Text-to-region grounding data

===

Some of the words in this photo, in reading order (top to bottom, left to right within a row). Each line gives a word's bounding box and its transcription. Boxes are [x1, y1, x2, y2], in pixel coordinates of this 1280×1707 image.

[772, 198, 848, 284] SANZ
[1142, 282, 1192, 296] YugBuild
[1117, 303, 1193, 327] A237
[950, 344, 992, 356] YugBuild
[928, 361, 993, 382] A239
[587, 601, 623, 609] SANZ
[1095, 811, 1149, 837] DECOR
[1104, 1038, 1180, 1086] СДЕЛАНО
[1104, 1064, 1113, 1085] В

===

• Work task: An exact restatement of the data is required.

• Answer:
Some of the words in this photo, in reading order (top to bottom, left to right within a row). Each line gives a word's bounding box and its transcription. Boxes are [x1, y1, x2, y2], in pixel coordinates of this 1280×1707 image.

[772, 198, 848, 284] SANZ
[1142, 282, 1192, 296] YugBuild
[1117, 303, 1193, 327] A237
[950, 344, 992, 356] YugBuild
[928, 361, 993, 382] A239
[587, 601, 623, 609] SANZ
[1095, 811, 1149, 837] DECOR
[1104, 1038, 1180, 1086] СДЕЛАНО
[1104, 1064, 1113, 1085] В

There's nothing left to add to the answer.